ISLAMABAD: Pakistan’s official foreign currency reserves have decreased to lowest ebb by touching $2.9 billion and putting pressure on exchange rate and causing price hike on imported items.
This peculiar situation is moving rapidly towards the worst scenario as exchange companies have threatened to go on strike for indefinite period if the central bank remained unable to provide them foreign currency from next week.
All this happening on economic front is going on when the country is under the IMF’s sponsored $6.67 billion program under 36 months Extended Fund Facility (EFF).
This is quite awkward program devised by the IMF as instead of restoring confidence it has caused serious threats of default to the economy. The foreign currency reserves are depleting mainly because of net outflow of dollars as so far the IMF has provided $547 million as first tranche after approving the program but got back around $1.1 billion in first five months of the current fiscal year.
The foreign currency reserves will face more depletion in next month (December) as foreign inflows are still in danger and the government had to repay three small instalments to the tune of $300-$350 million in this period.
According to State Bank of Pakistan (SBP) spokesman, total foreign currency reserves stood at $8.7 billion of which the reserves held by the SBP stood at $3.4 billion and reserves held by commercial banks at $5.3 billion on November 22, 2013.

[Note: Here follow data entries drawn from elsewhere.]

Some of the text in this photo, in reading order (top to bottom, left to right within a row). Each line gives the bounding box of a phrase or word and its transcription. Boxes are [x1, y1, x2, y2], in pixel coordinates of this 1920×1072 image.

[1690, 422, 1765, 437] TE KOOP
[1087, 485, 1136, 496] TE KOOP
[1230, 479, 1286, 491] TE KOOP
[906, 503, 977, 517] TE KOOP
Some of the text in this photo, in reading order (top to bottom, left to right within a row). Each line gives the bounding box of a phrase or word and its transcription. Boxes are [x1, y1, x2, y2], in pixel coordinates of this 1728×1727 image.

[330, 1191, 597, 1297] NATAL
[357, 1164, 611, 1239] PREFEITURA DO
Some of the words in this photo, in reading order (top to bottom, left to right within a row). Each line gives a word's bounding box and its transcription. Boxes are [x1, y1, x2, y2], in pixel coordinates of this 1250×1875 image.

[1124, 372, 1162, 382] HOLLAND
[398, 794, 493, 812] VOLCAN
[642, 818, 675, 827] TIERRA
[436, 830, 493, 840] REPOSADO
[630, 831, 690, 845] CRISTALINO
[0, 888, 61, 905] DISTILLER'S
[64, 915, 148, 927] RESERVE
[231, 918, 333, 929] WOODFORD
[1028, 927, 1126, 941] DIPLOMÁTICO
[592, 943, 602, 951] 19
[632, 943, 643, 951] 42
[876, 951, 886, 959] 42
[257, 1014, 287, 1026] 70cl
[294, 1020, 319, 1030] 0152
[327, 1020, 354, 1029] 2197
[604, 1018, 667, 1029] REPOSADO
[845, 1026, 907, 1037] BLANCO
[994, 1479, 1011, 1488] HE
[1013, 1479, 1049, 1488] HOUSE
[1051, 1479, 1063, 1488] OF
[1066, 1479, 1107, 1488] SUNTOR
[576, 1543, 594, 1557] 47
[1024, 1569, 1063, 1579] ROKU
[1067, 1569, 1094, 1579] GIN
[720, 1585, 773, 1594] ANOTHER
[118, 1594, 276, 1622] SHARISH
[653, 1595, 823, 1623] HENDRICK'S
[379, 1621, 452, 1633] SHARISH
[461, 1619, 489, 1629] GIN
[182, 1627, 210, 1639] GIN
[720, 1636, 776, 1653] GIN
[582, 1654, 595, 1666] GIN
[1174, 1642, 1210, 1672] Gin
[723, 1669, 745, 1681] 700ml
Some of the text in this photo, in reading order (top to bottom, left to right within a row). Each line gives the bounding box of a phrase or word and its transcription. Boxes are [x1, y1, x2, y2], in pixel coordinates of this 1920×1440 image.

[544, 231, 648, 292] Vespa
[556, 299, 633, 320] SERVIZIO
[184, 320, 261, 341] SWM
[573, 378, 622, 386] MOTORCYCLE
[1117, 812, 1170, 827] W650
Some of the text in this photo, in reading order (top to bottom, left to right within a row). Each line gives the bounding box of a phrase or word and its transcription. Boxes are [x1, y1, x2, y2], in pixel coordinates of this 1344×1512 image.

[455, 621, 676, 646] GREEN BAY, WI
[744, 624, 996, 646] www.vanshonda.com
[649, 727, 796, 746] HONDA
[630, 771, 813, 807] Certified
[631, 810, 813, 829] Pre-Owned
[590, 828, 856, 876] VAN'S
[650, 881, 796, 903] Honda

This alarming situation has further deepened as multilateral donors such as the World Bank and Asian Development Bank linked their budgetary support of over $1.5 billion with full implementation on condition attached to the IMF program. It is now expected that these international donors will disburse budgetary support in last quarter (April-June) period of the current fiscal year, making it difficult for the economic managers to manage external accounts in efficient manner.
On immediate basis, the government has left with no other viable options but to go ahead with off loading shares of banking and energy sector without wasting time. The government, they said, would also move ahead for launching Global Depository Receipts (GDRs) of OGDCL in London Stock Exchange in months ahead.
The government is also moving towards launching Eurobond worth $500 million. The government is also negotiating with the UAE rulers to get stuck up amount of $800 million from Etisalat on privatisation deal of PTCL.
On November 26, 2013, Pakistan paid the 24th Instalment under IMF/SBA facility amounting to SDR (Special Drawing Rights) $258 million, equivalent to $396 million. With repayment of this latest instalment, Pakistan to-date has repaid to IMF $6,045 million since Jul-2011, of which $ 5,256 million was under SBA facility. After the current repayment, remaining amount due under IMF/SBA until Sep-2015 is SDRs 1,484 million.